• Tormato [none/use name]
    ·
    2 years ago

    15 minutes of choking somebody is murder. That lawyer statement released on his behalf was one of the lamest, most pathetically transparent admission of guilt too.

    Fucking POS scumbag fascist vigilante.

    • zifnab25 [he/him, any]
      ·
      2 years ago

      He'll be acquitted. The prosecutors are going to phone this one in so hard, his shit legal defense won't matter.

  • aaro [they/them, she/her]
    ·
    edit-2
    2 years ago

    hey, at least manslaughter is more likely to stick than murder, right? :what-the-hell:

    • Evilsandwichman [none/use name]
      ·
      2 years ago

      And probably will be out of prison on good behavior; here's to hoping his fellow inmates show him the right way to choke someone out.

    • mkultrawide [any]
      ·
      edit-2
      2 years ago

      Yes, with first degree manslaughter, you have to prove that they had intent to injure, which my guess is will be hard with this guy.
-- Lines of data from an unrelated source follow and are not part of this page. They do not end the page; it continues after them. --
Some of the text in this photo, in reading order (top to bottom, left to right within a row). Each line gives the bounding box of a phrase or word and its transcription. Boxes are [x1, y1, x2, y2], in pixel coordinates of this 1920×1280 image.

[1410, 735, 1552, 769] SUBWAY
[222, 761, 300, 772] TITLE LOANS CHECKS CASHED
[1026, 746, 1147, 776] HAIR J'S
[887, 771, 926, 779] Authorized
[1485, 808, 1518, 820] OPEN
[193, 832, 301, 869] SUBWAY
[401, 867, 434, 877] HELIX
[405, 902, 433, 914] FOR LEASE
    • BodyBySisyphus [he/him]
      hexagon
      ·
      2 years ago

      Yeah, the manslaughter charge implies that the DA is saying that Neely died as a result of negligence rather than the intent to kill.

        • BodyBySisyphus [he/him]
          hexagon
          ·
          2 years ago

          Yeah; the justification often given in these situations is that the lesser charge has a greater likelihood to stick in controversial cases, but if that's what the DA's office did, it just suggests they think the typical American is a bloodthirsty monster. My money's on "tepid response to negative press," but no reason it isn't also the former.
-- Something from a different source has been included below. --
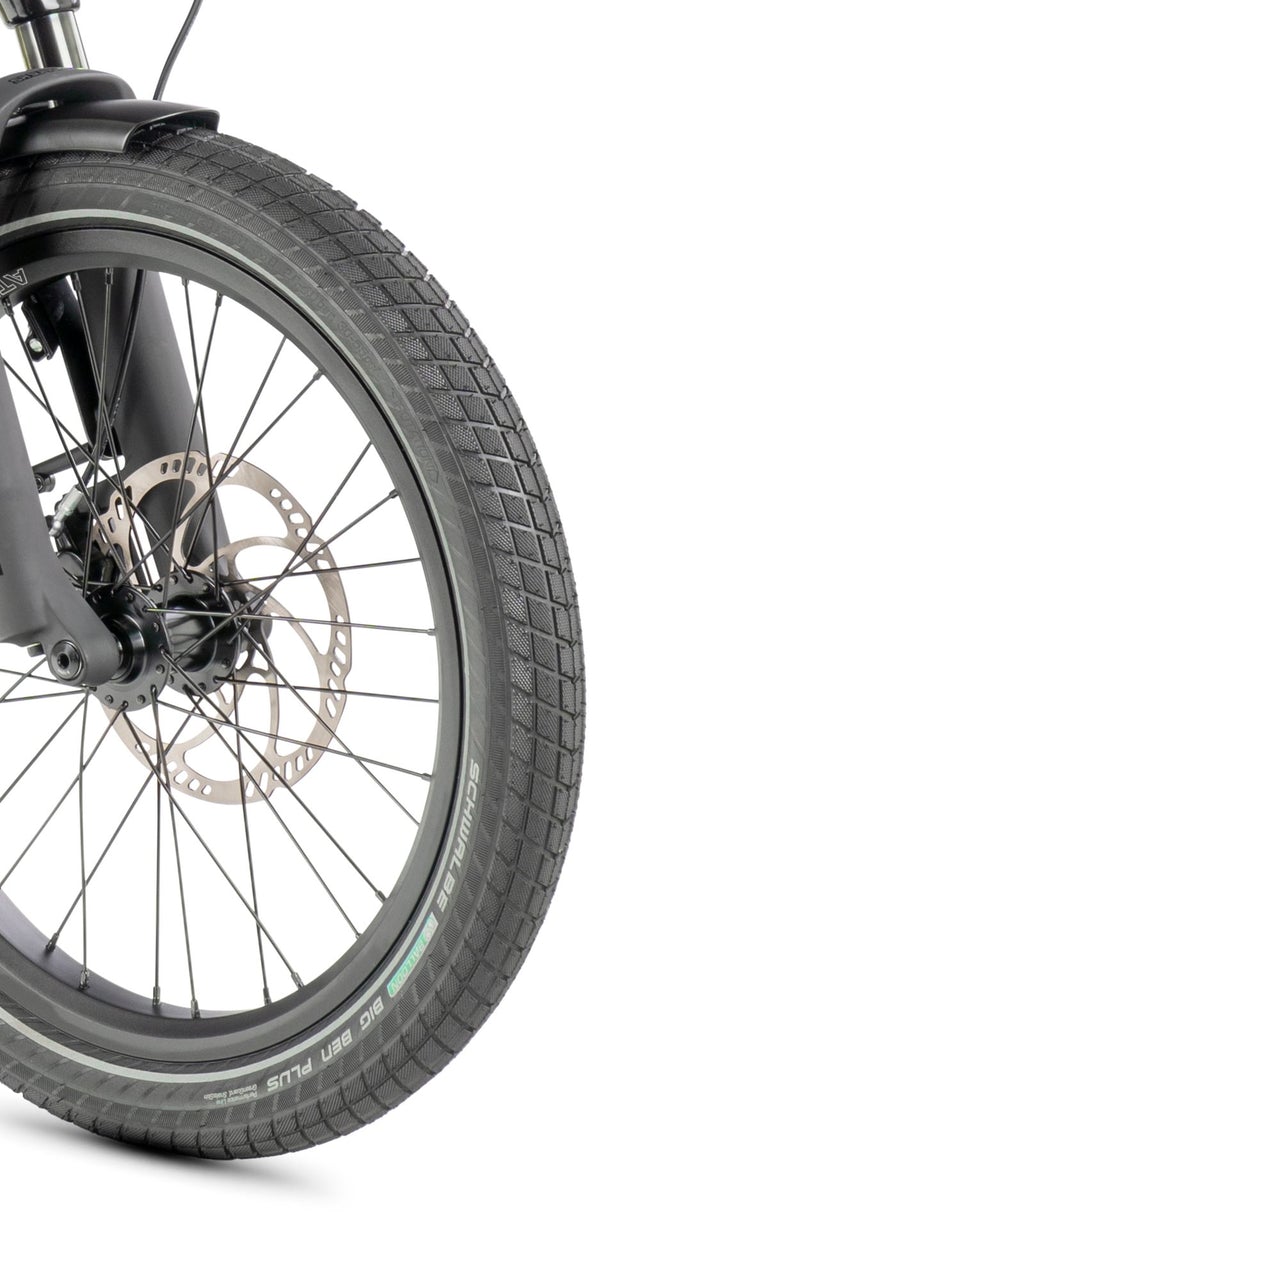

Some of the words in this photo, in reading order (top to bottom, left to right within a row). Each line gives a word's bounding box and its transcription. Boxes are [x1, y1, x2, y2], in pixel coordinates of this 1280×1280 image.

[437, 759, 480, 913] SCHWALBE
[359, 996, 385, 1031] BIG
[267, 1057, 312, 1092] PLUS
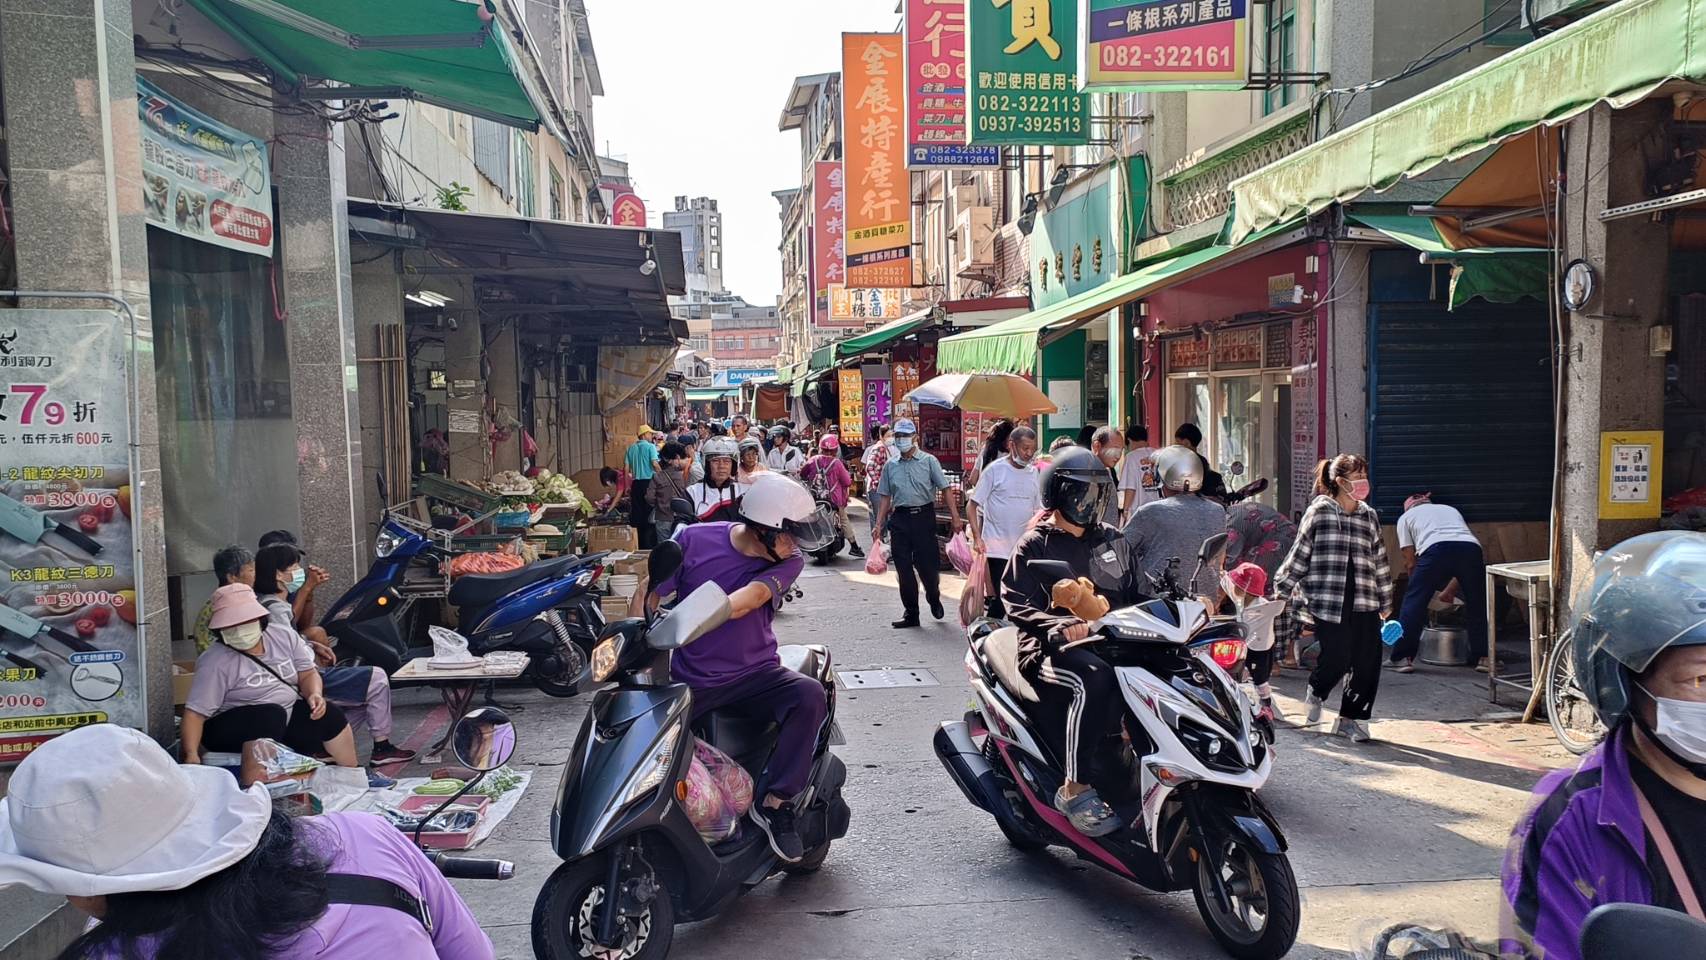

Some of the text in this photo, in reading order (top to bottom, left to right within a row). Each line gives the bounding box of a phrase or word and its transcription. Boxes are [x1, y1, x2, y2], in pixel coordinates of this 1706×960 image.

          • Evilsandwichman [none/use name]
            ·
            2 years ago

            it just suggests they think the typical American is a bloodthirsty monster

            One side bloodthirsty, the other bloodless, probably the only reason the two can tolerate each other and find some coexistence, and why their opinions if not overlapping, then at least not at odds.

      • zifnab25 [he/him, any]
        ·
        2 years ago

        Its at least arguable that he intended to restrain rather than kill, and Neely's death was a result of recklessness intend of malicious intent.

        Either way, manslaughter is a serious enough charge that he'll want to fight it. And given the state of NY politics right now, he'll very likely be acquitted.

  • UlyssesT
    ·
    edit-2
    15 days ago

    deleted by creator

  • YoungSheldonAdelson [they/them]
    ·
    2 years ago

    They keep calling him a "former Marine" on David Muir's show. The phrase isn't "Once a Marine, sometimes a Marine, as long as you don't choke out an innocent person on a New York subway in a grotesque fit of vigilantism using combat techniques that we trained you to do to innocent folks in the global south."

    • Ram_The_Manparts [he/him]
      ·
      2 years ago

      He felt entitled to do this on US soil, now imagine what he was doing where he was deployed.

      Or don't if you'd like to stay sane.

  • Cummunism [they/them, he/him]
    ·
    2 years ago

    i did an oopsie when i closed off a person esophagus for 15 minutes. id be a prison abolitionist if i didnt think this scumbag needed to be in it for the rest of his life(at minimum)

    • OutrageousHairdo [he/him]
      ·
      2 years ago

      The knowledge that prison and capital punishment are evil things to do, specifically inflicting pointless suffering on fellow human beings vs the desire to :gulaged: and :pit: reactionaries.

    • very_poggers_gay [they/them]
      ·
      2 years ago

      Was gonna say… I saw the videos of this online and this piece of scum had plenty of help killing Jordan Neely :doomjak:

      • Evilsandwichman [none/use name]
        ·
        2 years ago

        The sad thing is if only one person had stepped in it would've been two against three. Literally three people helping to murder a starving man.